The first issue of This (1971) included a short photo essay and memorial to Charles Olson by photographer Elsa Dorfman, who died in May 2020. Bob Grenier, co-editor and mentor, had moved to a small house by the cove in Lanesville, Mass., on Cape Ann, and would have been in contact with Robert Creeley, Larry Eigner, and, through poetry connections, Elsa Dorfman. Olson had recently died (10 January 1970) and I was in the thick of his influence, visiting Gloucester that summer and organizing a reading group on the “modern epic” at Iowa in the academic year 1971–72 that included renowned scholar Sherman Paul, who credited the group discussion in his book Olson’s Push (1978). A signal moment in that seminar was unfolding the Coast and Geodetic Survey map of Gloucester harbor, which I bought when I visited, to provide a “spatial reading” of the otherwise cryptic poem: “In the harbor // Can 9 Nun 8 / Nun 10 Can 11 //// Charles Olson / Friday, November 23rd // #1” (Maximus IV V VI, n.p.; Maximus Poems, 302). From the map, one can track a sequence of buoys in the harbor (termed “cans” and “nuns” from their shapes, presumably) that transposes the subject-centered experience of sighting the buoys to a sequence of signs in space. It is tempting to imagine that Language writing was born right there, though there were many converging influences, never reducible to a moment of origin. In fact, it was the gap between what Olson was seeing and what his poem and the map record that signified, a way of reading that makes clear why the poem had to be written as it was. Many of the short poems from the second volume of Maximus, along with Creeley’s Pieces, were objects of fascination then.
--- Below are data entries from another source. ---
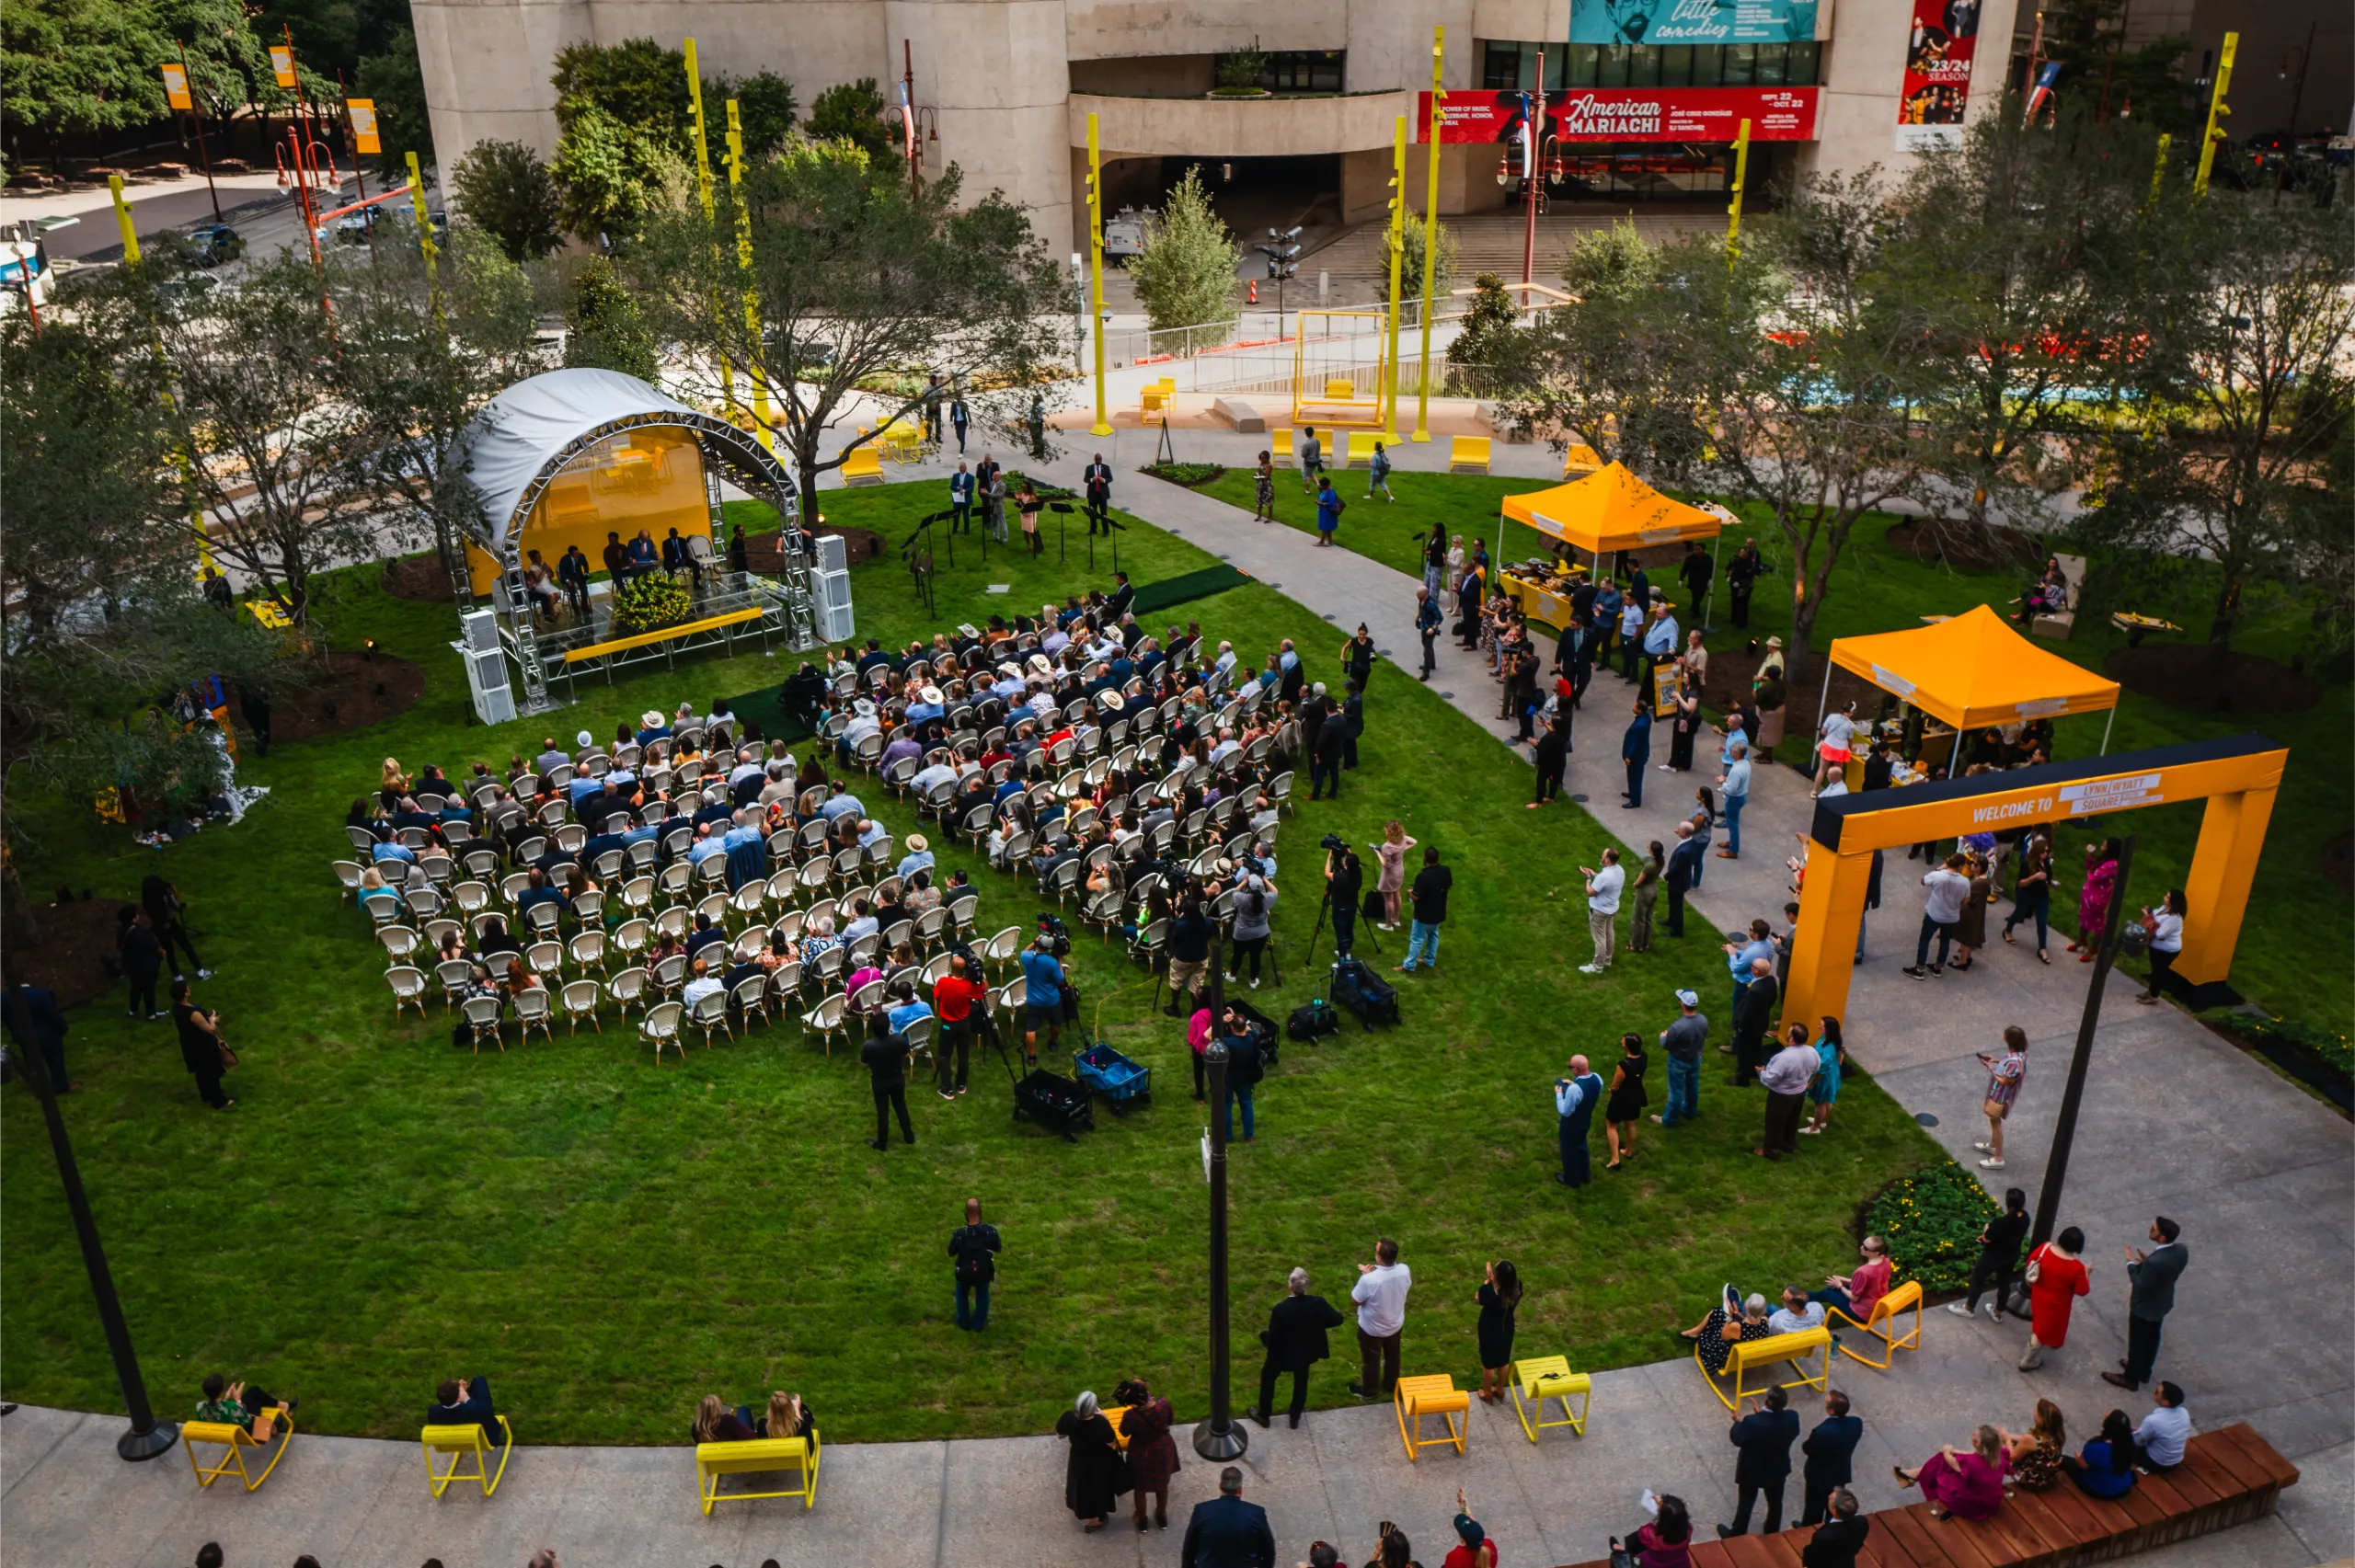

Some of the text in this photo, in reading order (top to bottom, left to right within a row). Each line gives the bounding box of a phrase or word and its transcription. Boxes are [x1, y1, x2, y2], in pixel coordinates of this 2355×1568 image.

[1671, 0, 1721, 21] little
[1656, 17, 1730, 38] comedies
[1930, 60, 1970, 72] 23/24
[1927, 72, 1968, 81] SEASON
[1779, 92, 1792, 100] 22
[1791, 99, 1803, 108] 22
[1565, 93, 1661, 121] American
[1569, 118, 1660, 133] MARIACHI
[2083, 783, 2108, 796] LYNN
[2110, 778, 2145, 792] WYATT
[1973, 797, 2052, 823] WELCOME TO
[2082, 795, 2120, 810] SQUARE
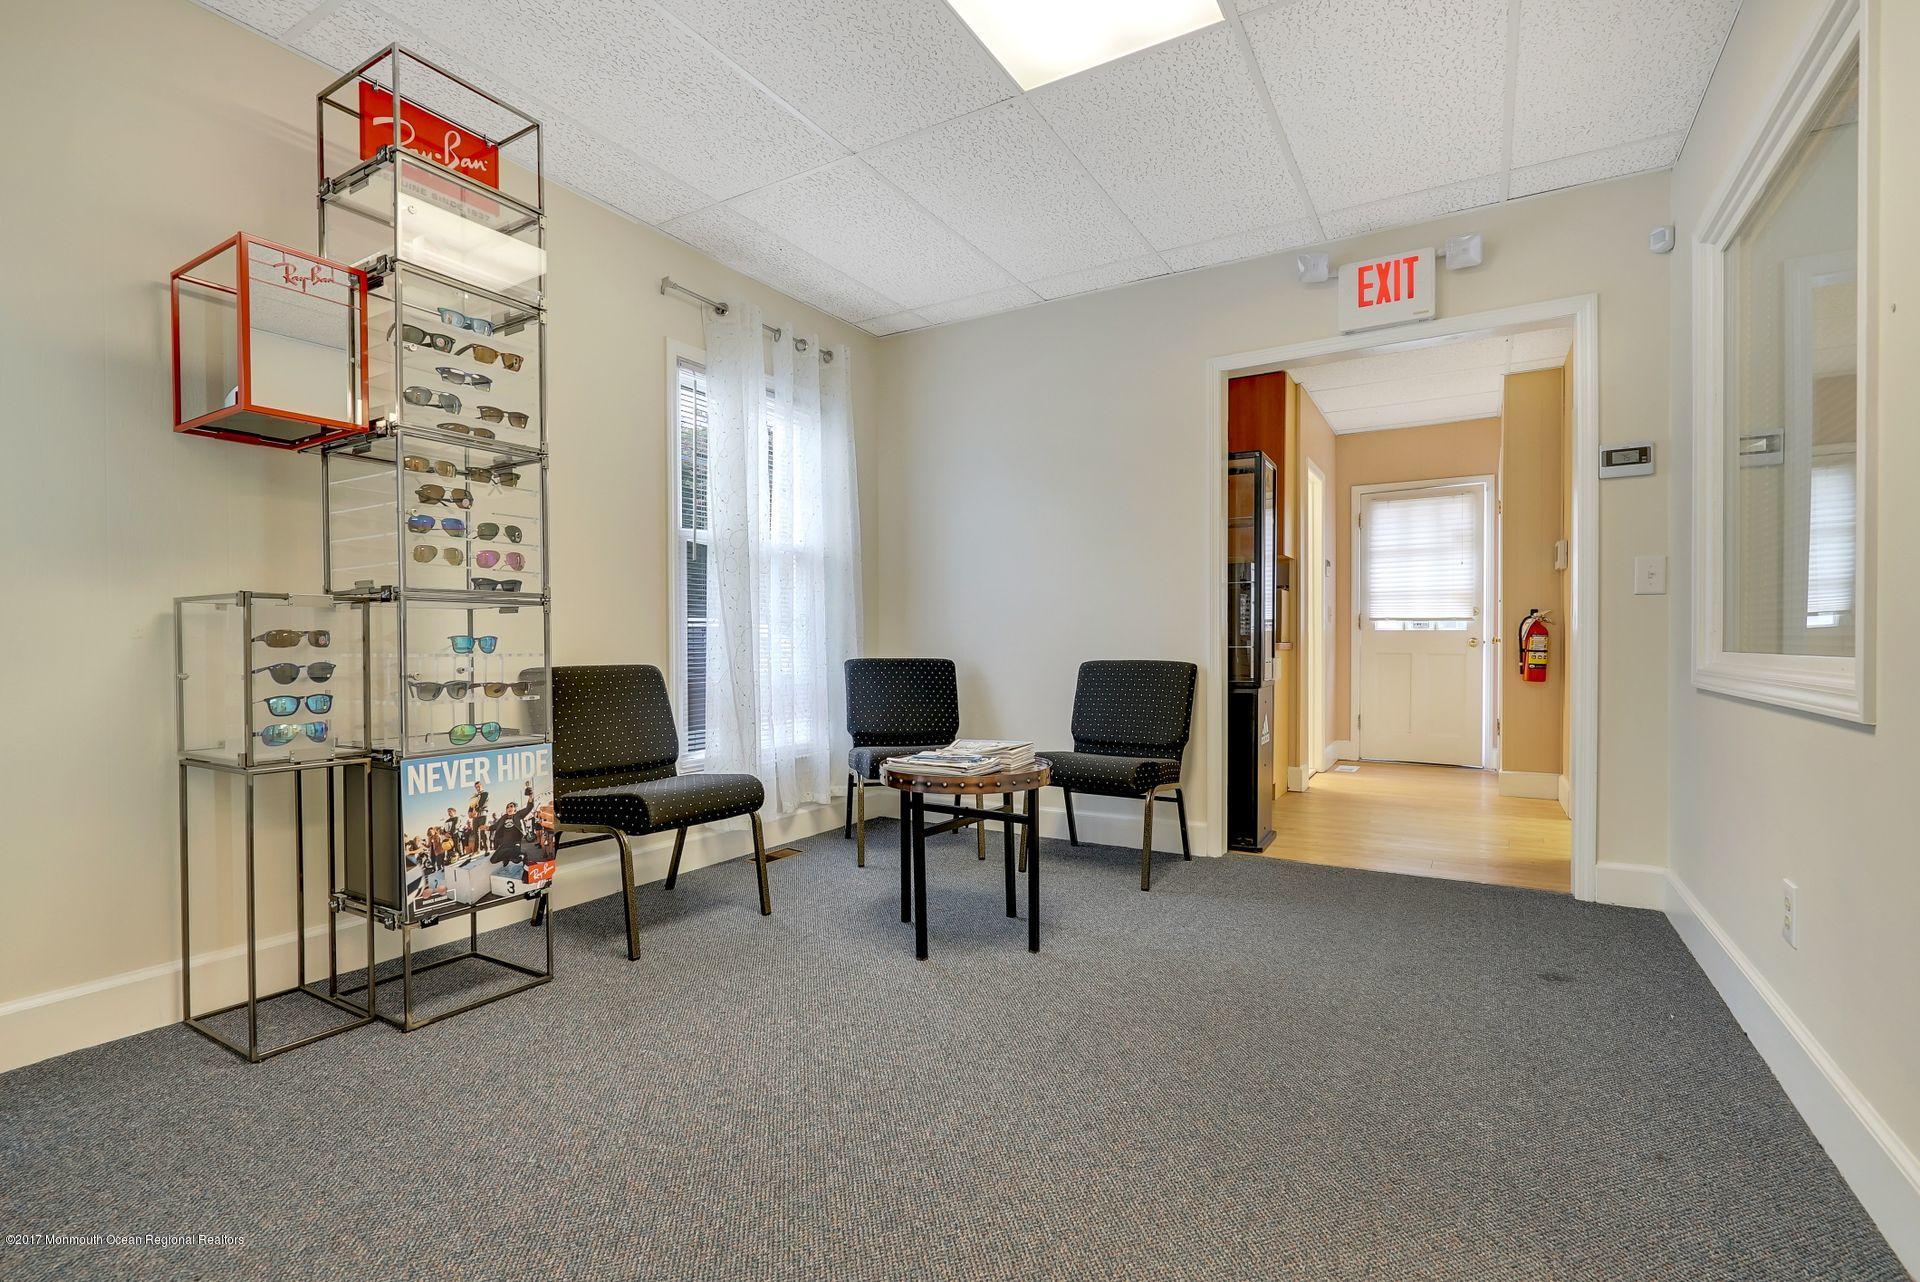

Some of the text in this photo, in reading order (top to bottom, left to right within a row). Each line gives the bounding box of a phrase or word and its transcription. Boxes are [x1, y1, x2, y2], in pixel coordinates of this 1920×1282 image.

[1358, 256, 1419, 308] EXIT
[407, 749, 549, 796] NEVER HIDE
[507, 881, 515, 894] 3
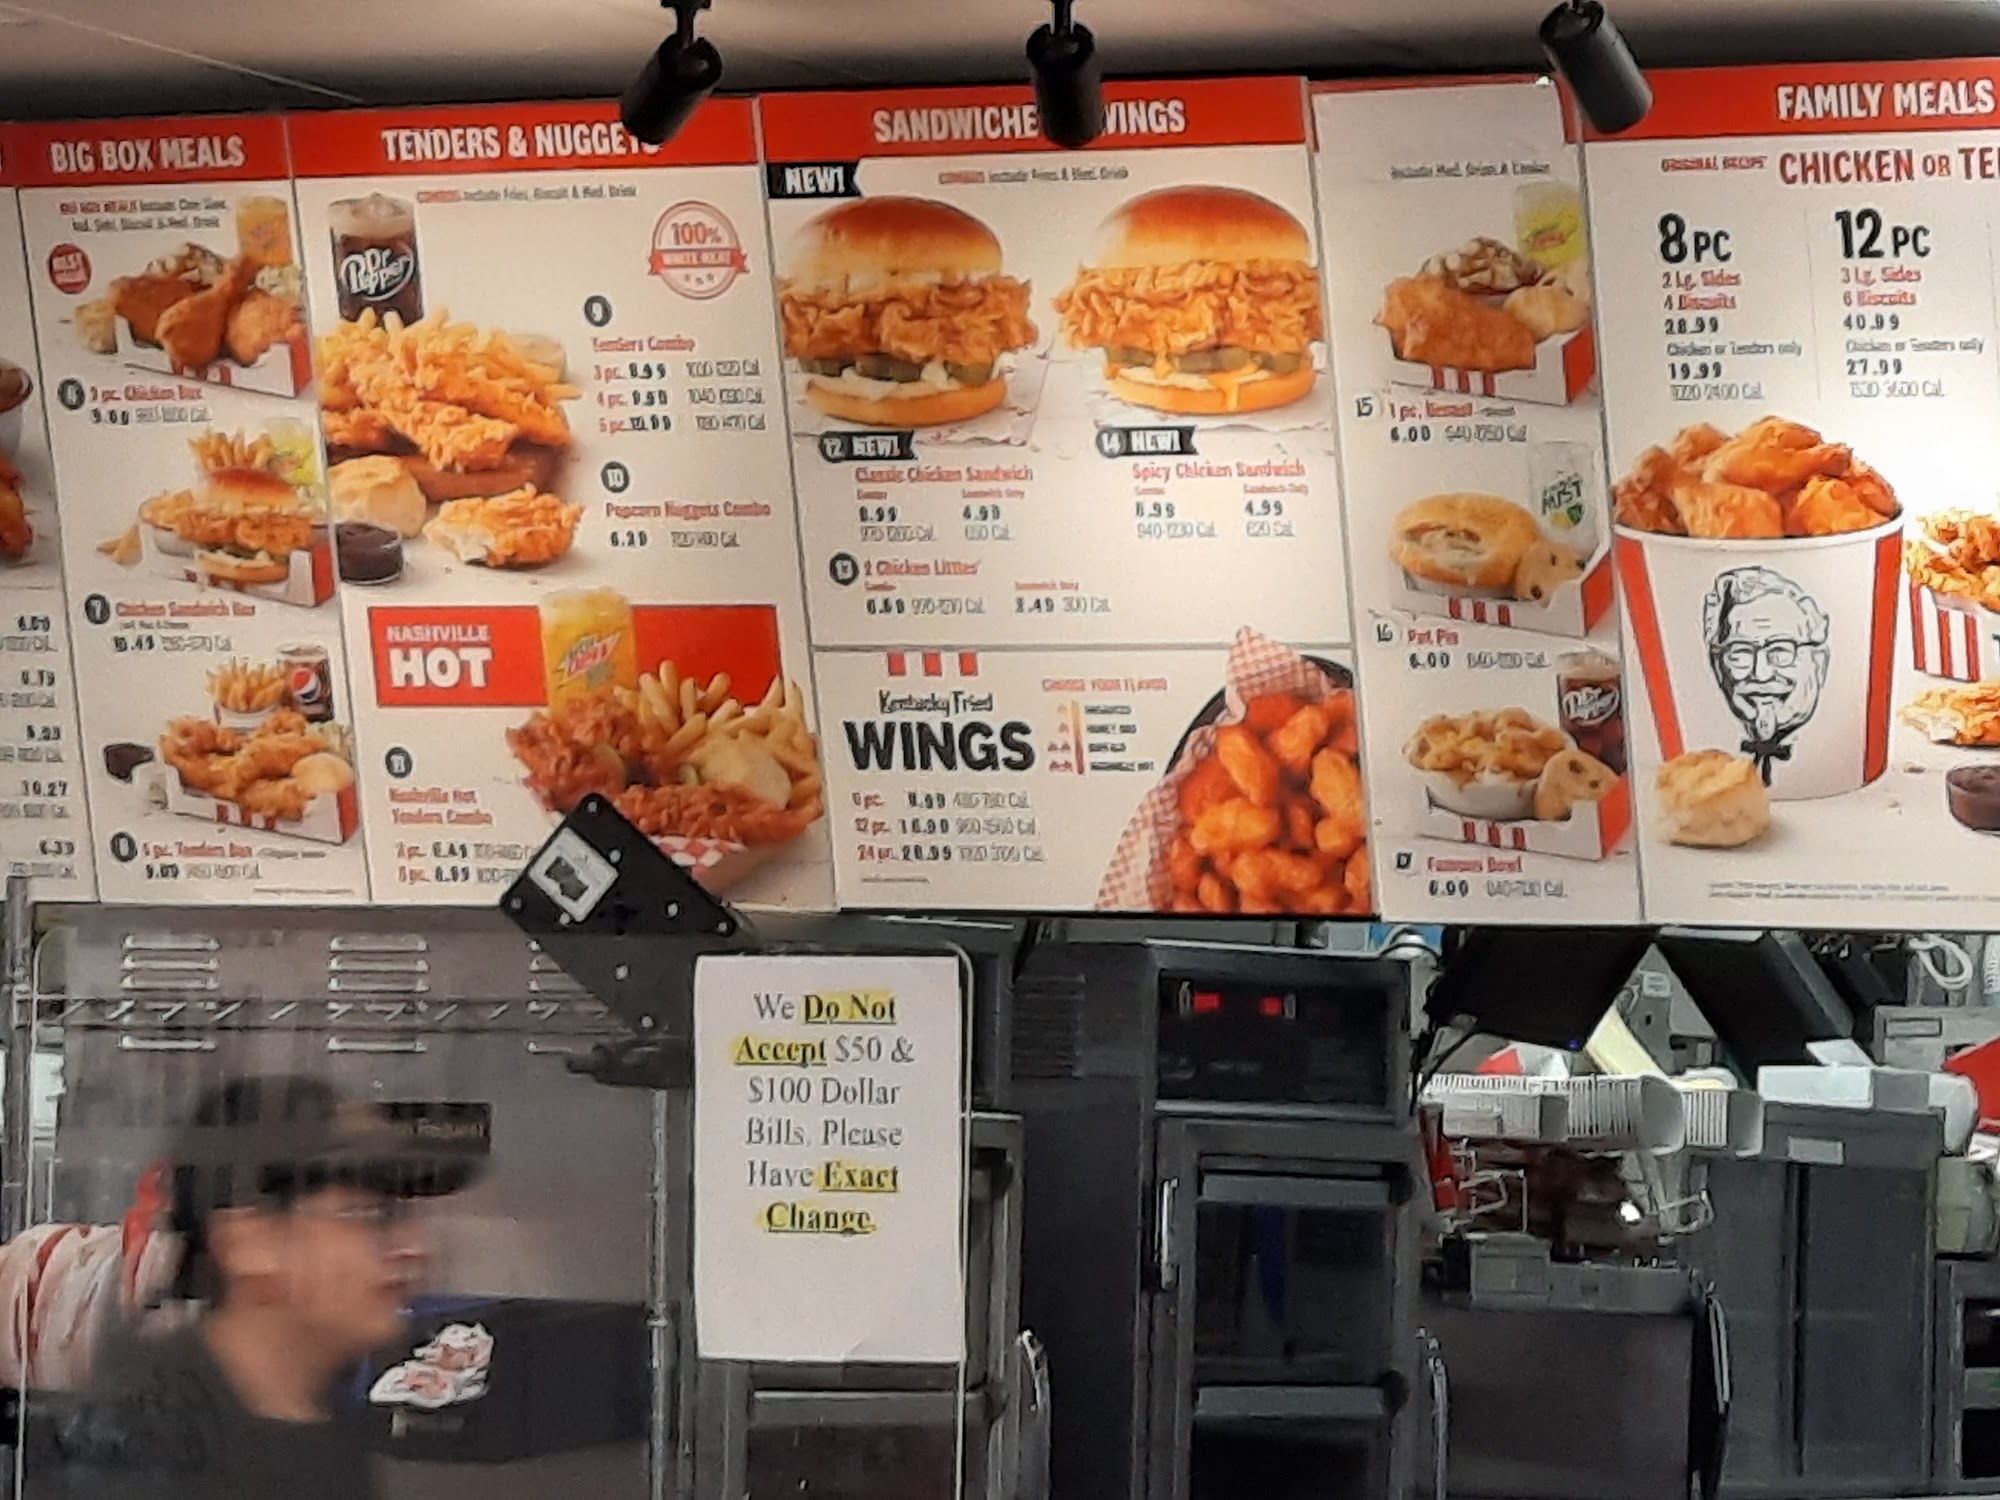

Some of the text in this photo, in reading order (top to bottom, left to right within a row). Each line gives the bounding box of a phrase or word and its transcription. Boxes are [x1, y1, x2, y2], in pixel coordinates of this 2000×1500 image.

[1776, 78, 1996, 120] FAMILY MEALS
[872, 105, 1039, 143] SANDWICHE
[51, 136, 245, 173] BIG BOX MEALS
[381, 126, 500, 161] TENDERS
[507, 124, 528, 158] &
[784, 166, 846, 195] NEW!
[1780, 150, 1915, 184] CHICKEN
[1923, 154, 1951, 176] OR
[671, 221, 722, 245] 100%
[1659, 213, 1732, 264] 8 PC
[1834, 208, 1931, 258] 12 PC
[1133, 462, 1170, 482] Spicy
[386, 625, 490, 642] NASHVILLE
[388, 646, 492, 689] HOT
[844, 721, 1035, 771] WINGS
[754, 992, 896, 1022] We Do Not
[735, 1035, 914, 1067] Accept $50 &
[748, 1076, 900, 1105] $100 Dollar
[822, 1118, 903, 1146] Please
[747, 1160, 899, 1190] Have Exact
This is the moment of the “radical particular,” about which I write at some length here. And the name of the radical particular is “this,” the title of our magazine but also the focus on a deictic register of time and place seen as central to the entire tradition of writing we were influenced by, from Stein and Zukofsky on through to Projective Verse. Olson’s broadside poem “This,” produced at Black Mountain college in 1952 (see here), used the pronoun somewhat differently—as a Whiteheadian occasion of immanence or the unfolding of solar energy after D.H. Lawrence, perhaps—but no matter. Olson’s large-scale enterprise worked to disclose the conditions of possibility of “this”—within the holistic, embodied, ever-expanding universe that was his larger project. That level of scale, for those not identical to Olson as embodied subject, became, simply, a condition for making meaning. Parole and langue, the relation of signification to language itself, but joined at the hip to an experience of time and place. If one reverses the polarities of that relation, one can “read out” time and space from the particulars of language, making a new continuum. That was the idea—to make new time and space from the radical particular, which Olson for one made available for poetry. As did any number of others, so the question remains: what of Olson’s this was so conducive to its being radicalized?
The memorial tribute to Olson in This 1 was, at any rate, only the hint of a beginning. It is to a degree sentimental and certainly founded in affiliation and affection—which are perfectly all right. Dorfman visited Olson and depicts his intimate spaces—his desk, the kitchen in his walk-up apartment in Fort Point, the bar where he poses with another Maximus of Gloucester, along with the friendly barkeep to provide “measure” of the human, perhaps, leaving nothing out. All of this is meaning-bearing, meaning-generating, though later—and now is later. I am reproducing the Olson photos after seeing a Facebook thread from Canadian poet Robert Hogg, with pictures of Olson’s library at the time, as a prompt. From there, I thought to compare Olson’s untidy urgency with Francis Bacon’s studio (a fetishistic site if there ever was one) and my current archive. Meaning is erupting from these comparisons. There are also the two images of Olson from This 1, offering more such turbulent valences.